Your goal ▸ All entries should be copied exactly; the pictures stay out.

Text-to-region grounding data:
________________________________________
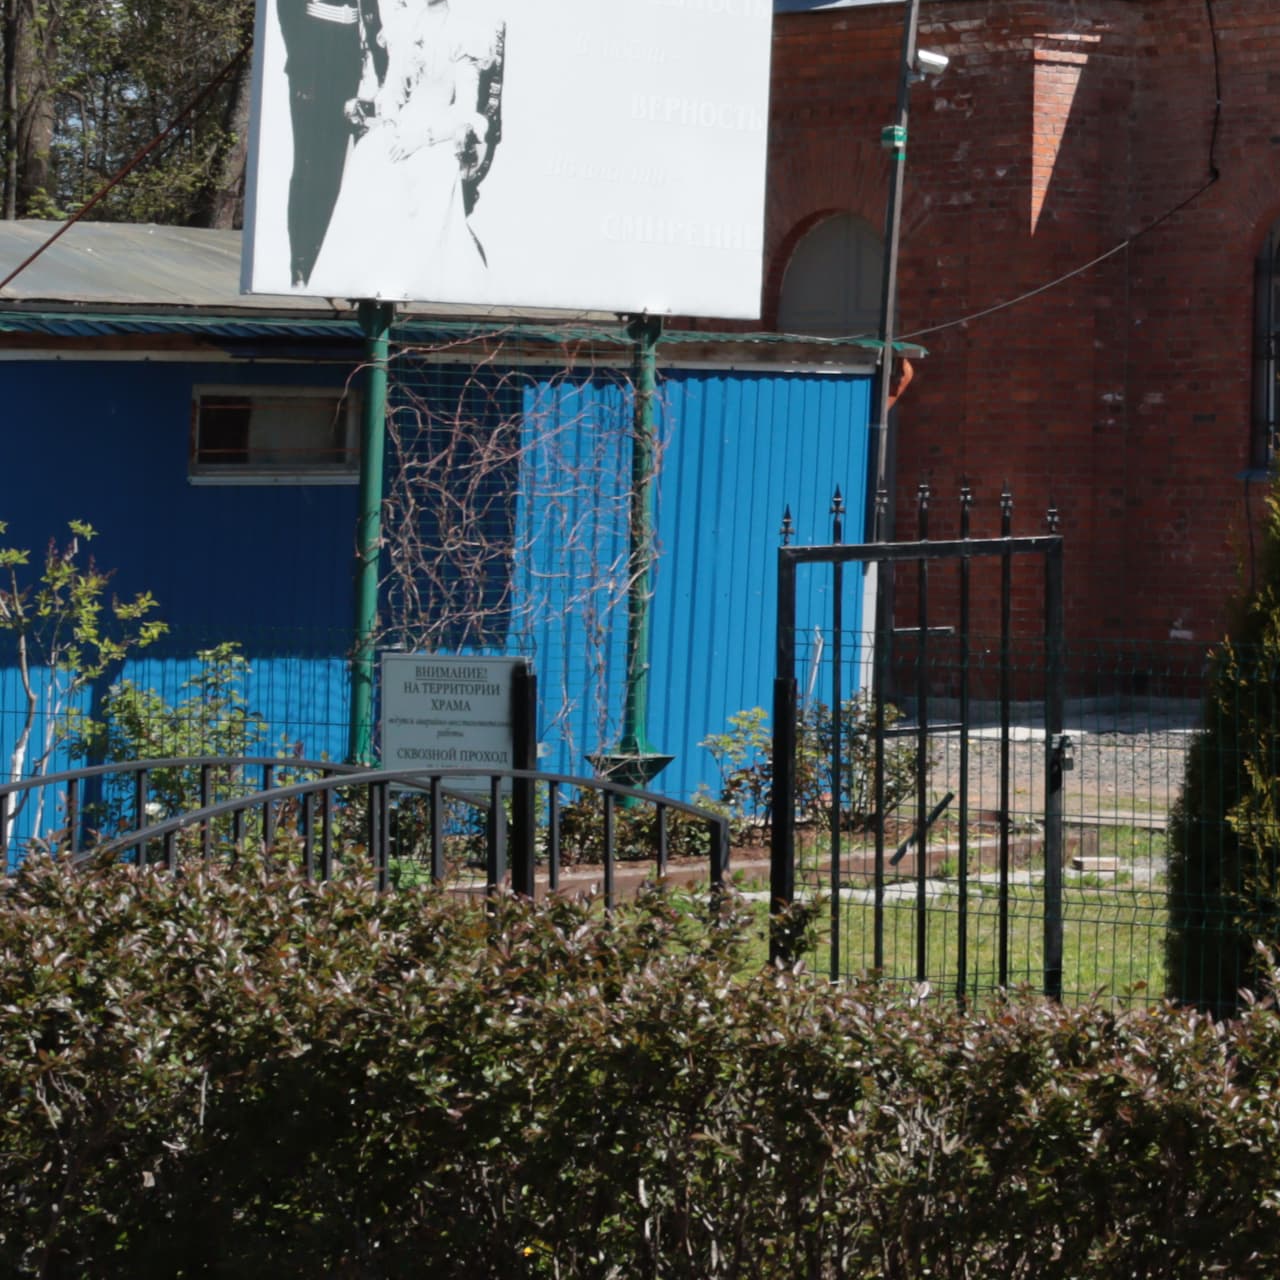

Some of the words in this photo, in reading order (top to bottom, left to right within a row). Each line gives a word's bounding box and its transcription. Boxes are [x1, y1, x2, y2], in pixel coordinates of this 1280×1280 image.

[631, 93, 764, 132] ВЕРНОСТЬ
[415, 665, 488, 681] ВНИМАНИЕ!
[403, 682, 419, 694] НА
[421, 682, 501, 696] ТЕРРИТОРИИ
[431, 699, 471, 712] ХРАМА
[396, 747, 457, 762] СКВОЗНОЙ
[459, 751, 508, 764] ПРОХОД
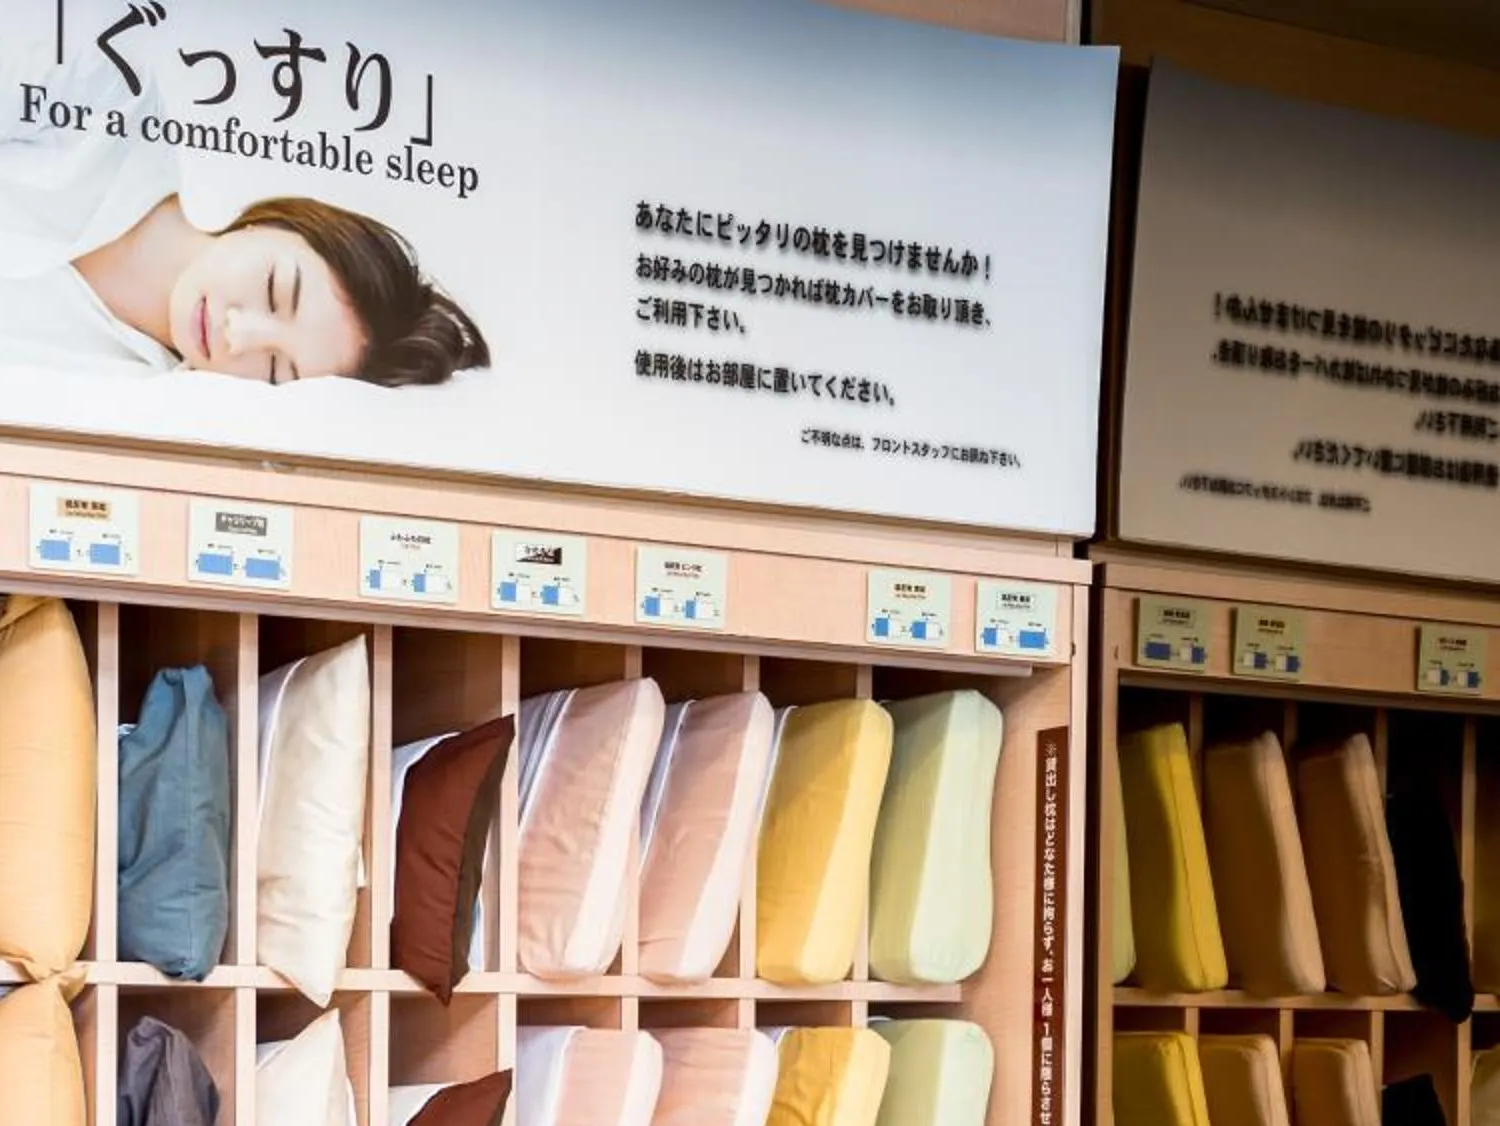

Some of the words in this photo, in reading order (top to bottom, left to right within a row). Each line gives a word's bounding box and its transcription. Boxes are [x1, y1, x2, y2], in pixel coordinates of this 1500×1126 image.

[19, 83, 93, 131] For
[105, 110, 129, 138] a
[140, 115, 374, 175] comfortable
[385, 146, 480, 198] sleep
[634, 200, 993, 280] あなたにピッタリの枕を見つけませんか！
[634, 252, 993, 328] お好みの枕が見つかれば枕カバーをお取り頂き、
[636, 296, 746, 334] ご利用下さい。
[634, 349, 896, 406] 使用後はお部屋に置いてください。
________________________________________
Response to this task ▸
Some of the words in this photo, in reading order (top to bottom, left to right within a row). Each line gives a word's bounding box and its transcription. Boxes are [x1, y1, x2, y2], in pixel coordinates of this 1280×1280 image.

[631, 93, 764, 132] ВЕРНОСТЬ
[415, 665, 488, 681] ВНИМАНИЕ!
[403, 682, 419, 694] НА
[421, 682, 501, 696] ТЕРРИТОРИИ
[431, 699, 471, 712] ХРАМА
[396, 747, 457, 762] СКВОЗНОЙ
[459, 751, 508, 764] ПРОХОД

Some of the words in this photo, in reading order (top to bottom, left to right within a row). Each line gives a word's bounding box and its transcription. Boxes are [x1, y1, x2, y2], in pixel coordinates of this 1500×1126 image.

[19, 83, 93, 131] For
[105, 110, 129, 138] a
[140, 115, 374, 175] comfortable
[385, 146, 480, 198] sleep
[634, 200, 993, 280] あなたにピッタリの枕を見つけませんか！
[634, 252, 993, 328] お好みの枕が見つかれば枕カバーをお取り頂き、
[636, 296, 746, 334] ご利用下さい。
[634, 349, 896, 406] 使用後はお部屋に置いてください。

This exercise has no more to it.